Debunking MassHealth asset eligibility myths

On Behalf of | Nov 6, 2025 | MassHealth

Many Massachusetts residents worry that the high cost of a nursing home stay will deplete the savings they worked their entire life to build. This fear is based on a common myth. Many assume they cannot qualify for MassHealth, the state’s Medicaid program, just because they own a home or have some savings.

However, MassHealth eligibility rules are intricate. Possessing assets does not automatically disqualify you. The regulations regarding which assets MassHealth counts are specific and allow for significant exclusions.

Your home is not always a countable asset

For many applicants, the primary residence is a noncountable asset. MassHealth often excludes the home from the eligibility calculation, up to a high equity limit ($1,071,000 in 2024). This is generally true if you intend to return home or if your spouse continues to live there.

It is important to understand that “noncountable for eligibility” is not the same as “protected from recovery.” While the home may not prevent you from qualifying, MassHealth may seek reimbursement from the estate after the recipient passes.

Understanding countable vs. noncountable assets

MassHealth eligibility hinges on the distinction between assets that are counted and those that are not. You can retain up to $2,000 in countable assets. Many people are surprised to learn what is not counted.

While rules are complex, here are general examples:

  • Countable assets:
    • Checking and savings accounts
    • Stocks, bonds and mutual funds
    • Second homes or vacation properties
  • Noncountable assets:
    • Your primary residence (within equity limits)
    • One personal vehicle
    • Personal belongings and household goods
    • An irrevocable prepaid funeral or burial contract

This distinction is a critical component of qualifying for benefits.

The impact of the 5-year look-back period

Another common myth is that you can simply give your assets to your children to qualify.

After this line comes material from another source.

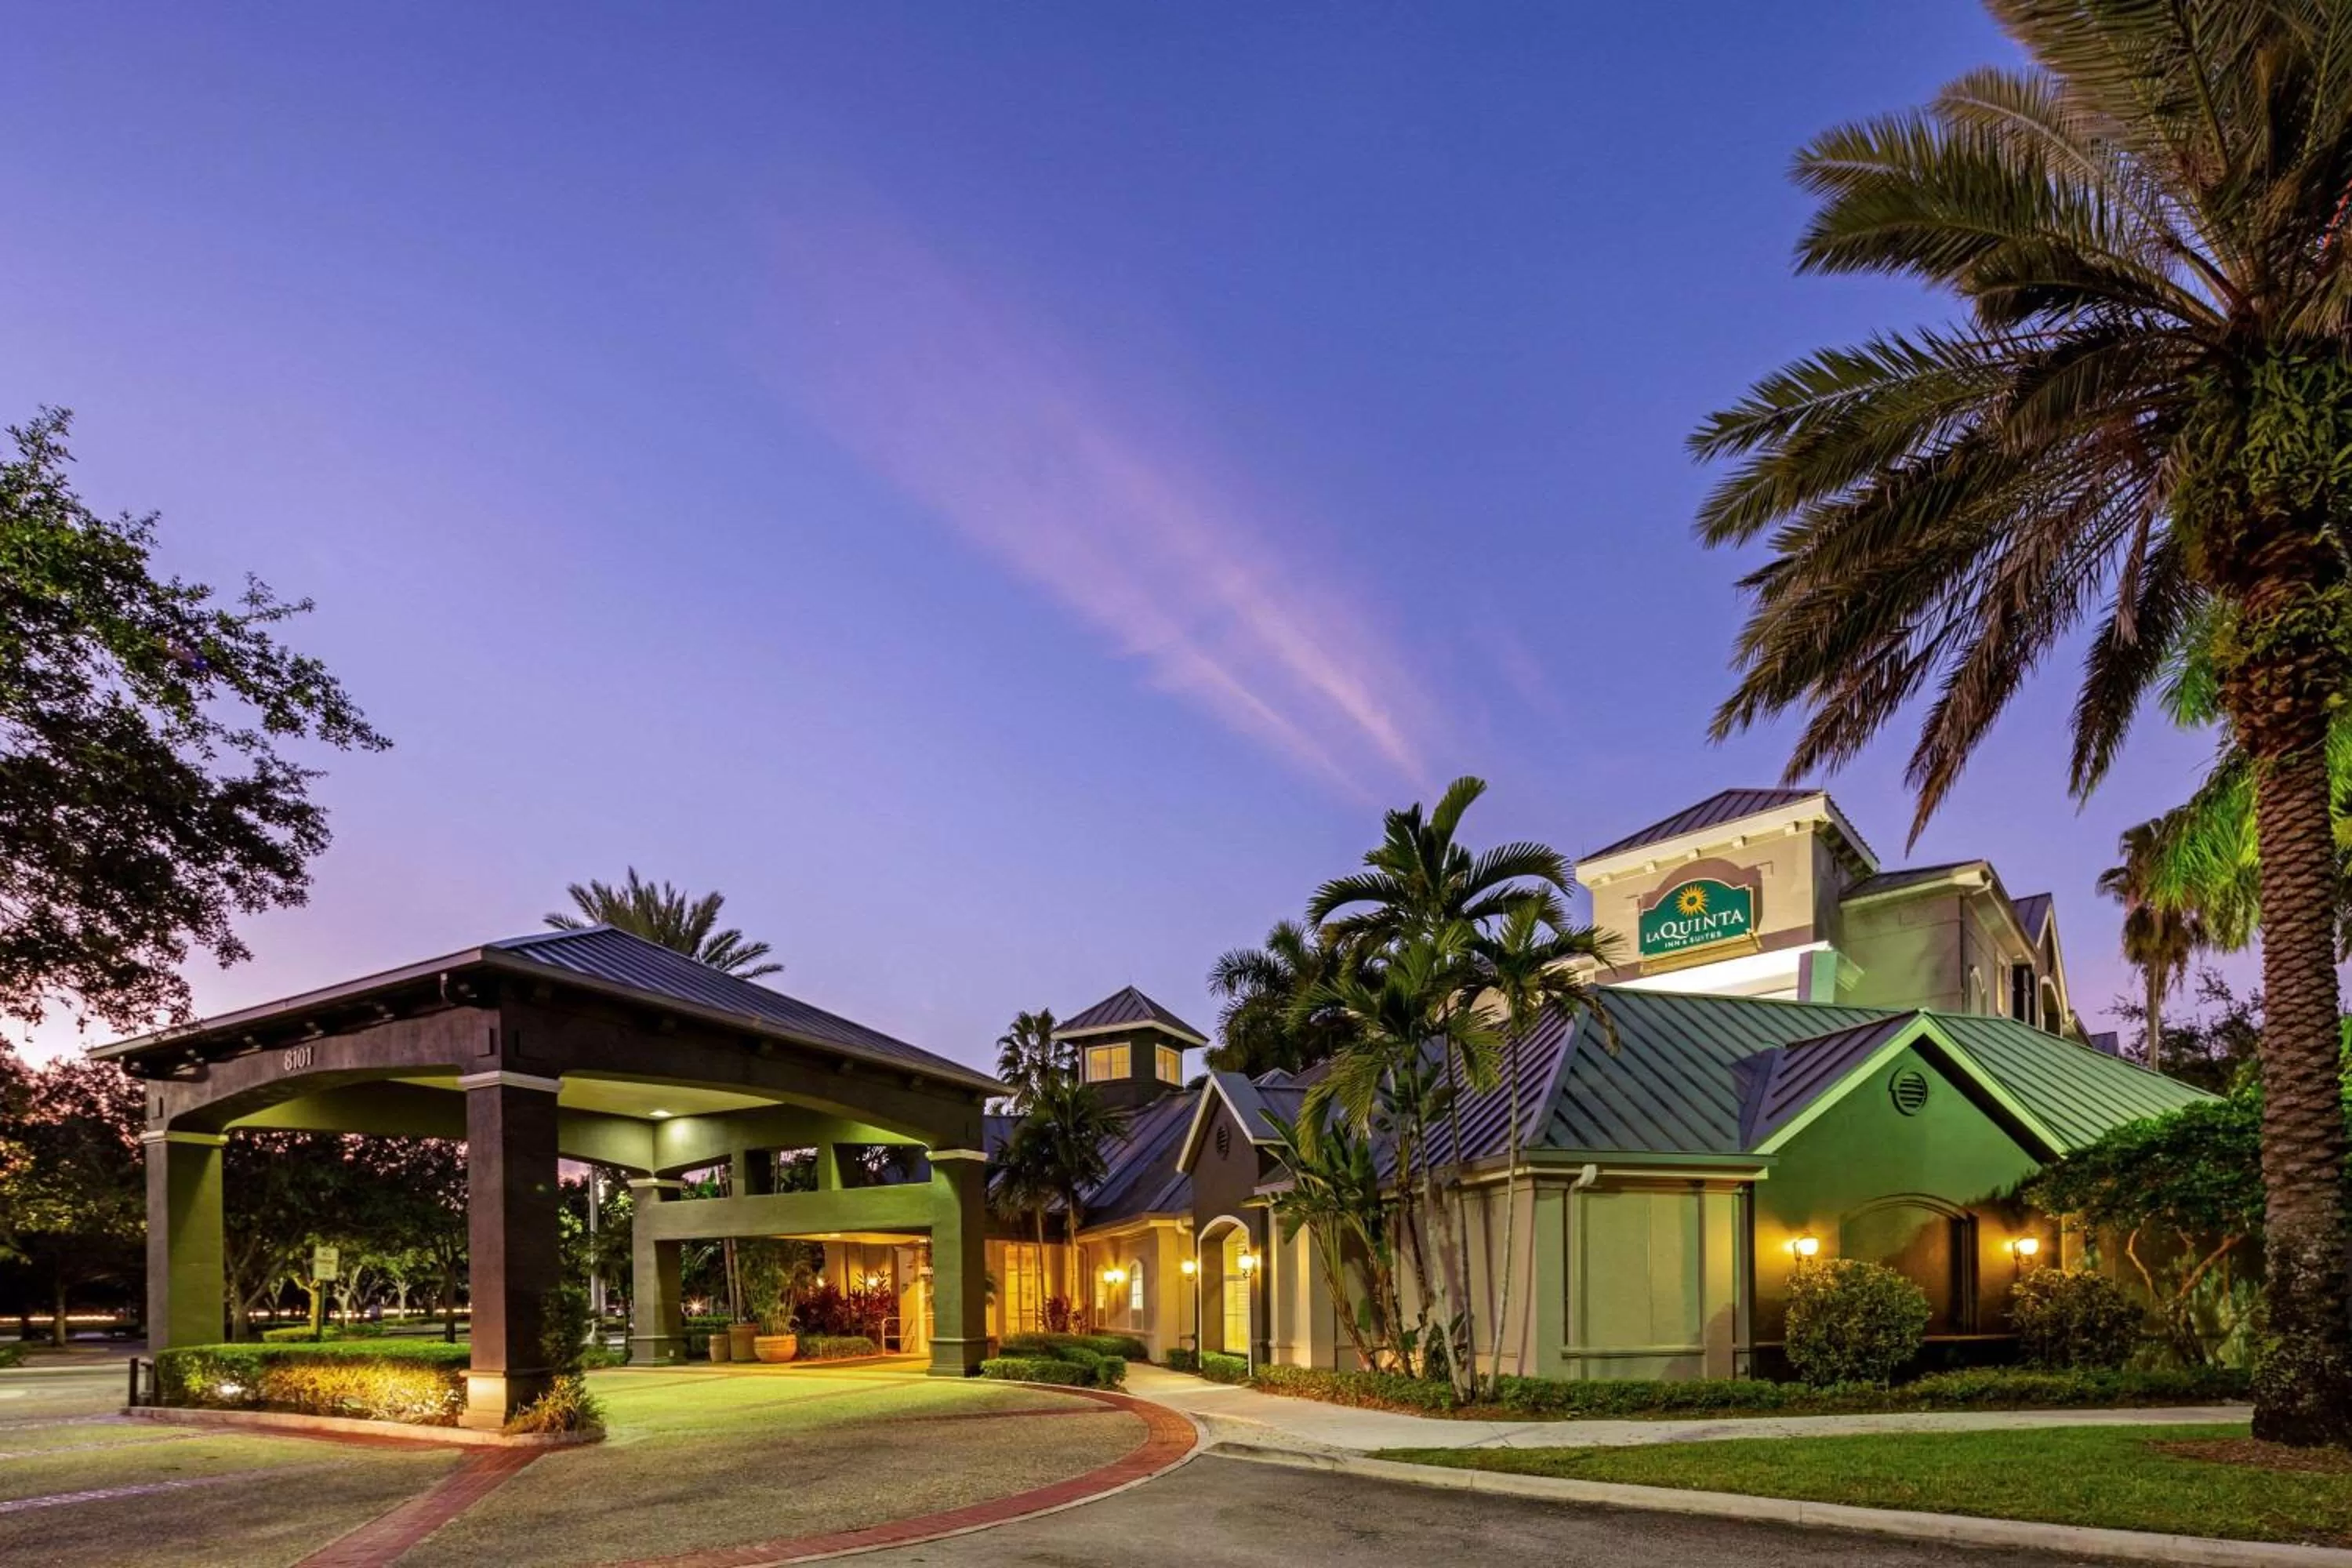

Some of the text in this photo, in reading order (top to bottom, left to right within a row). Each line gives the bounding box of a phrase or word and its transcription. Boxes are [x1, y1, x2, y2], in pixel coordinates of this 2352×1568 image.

[1664, 940, 1680, 949] INN
[1689, 931, 1722, 943] SUITES
[284, 1047, 311, 1071] 8101
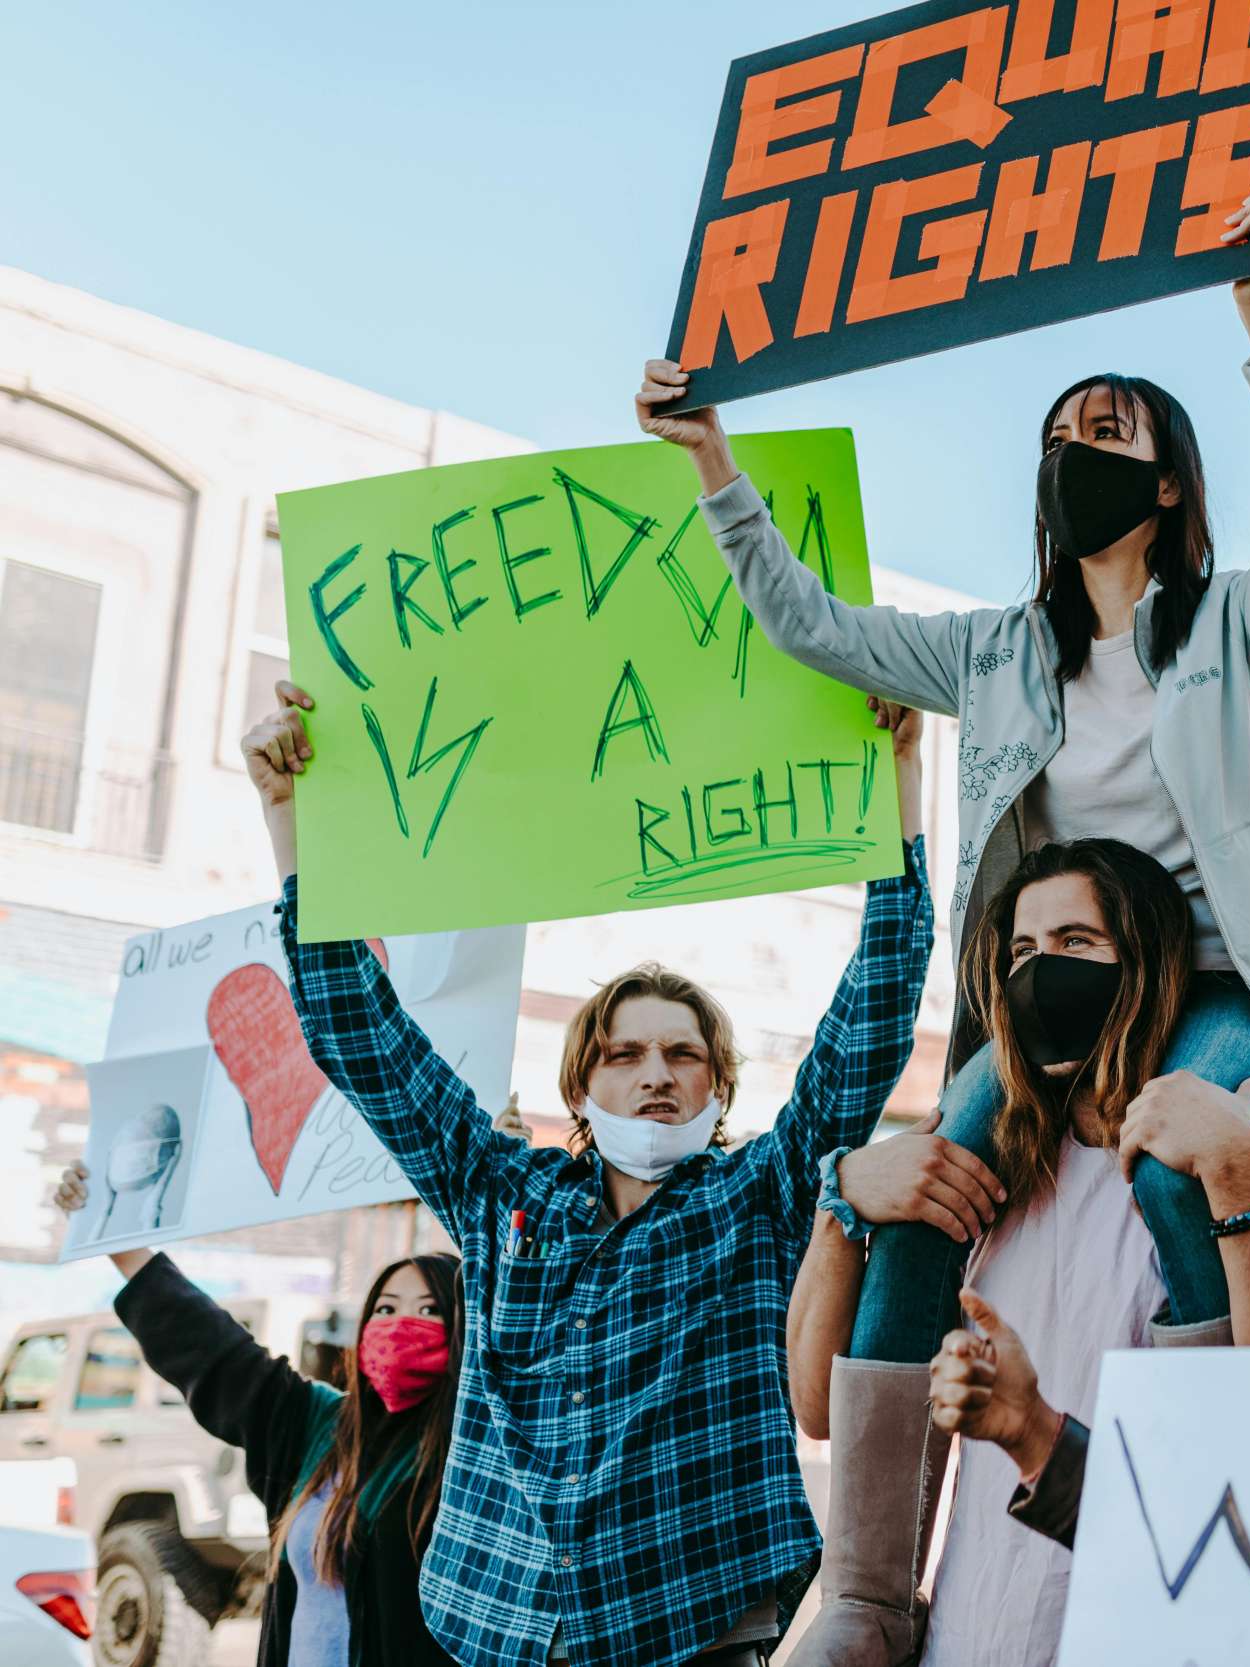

This action can cause significant problems. MassHealth reviews all financial transactions, including gifts, for the five years preceding your application.

Transferring assets within this “look-back” window can trigger a penalty period. This is a span of time during which you are not eligible to receive benefits, forcing you to pay for care privately until the penalty expires.

Planning strategies beyond the basics

MassHealth eligibility extends beyond a simple list of assets. Legal strategies exist to help protect your savings while planning for long-term care.

For instance, specific types of trusts or annuities may be used to convert countable assets into noncountable ones or to structure your finances in a compliant way. These precise strategies must be set up correctly to be effective. Since every situation is unique, consider speaking with a legal professional to protect your assets.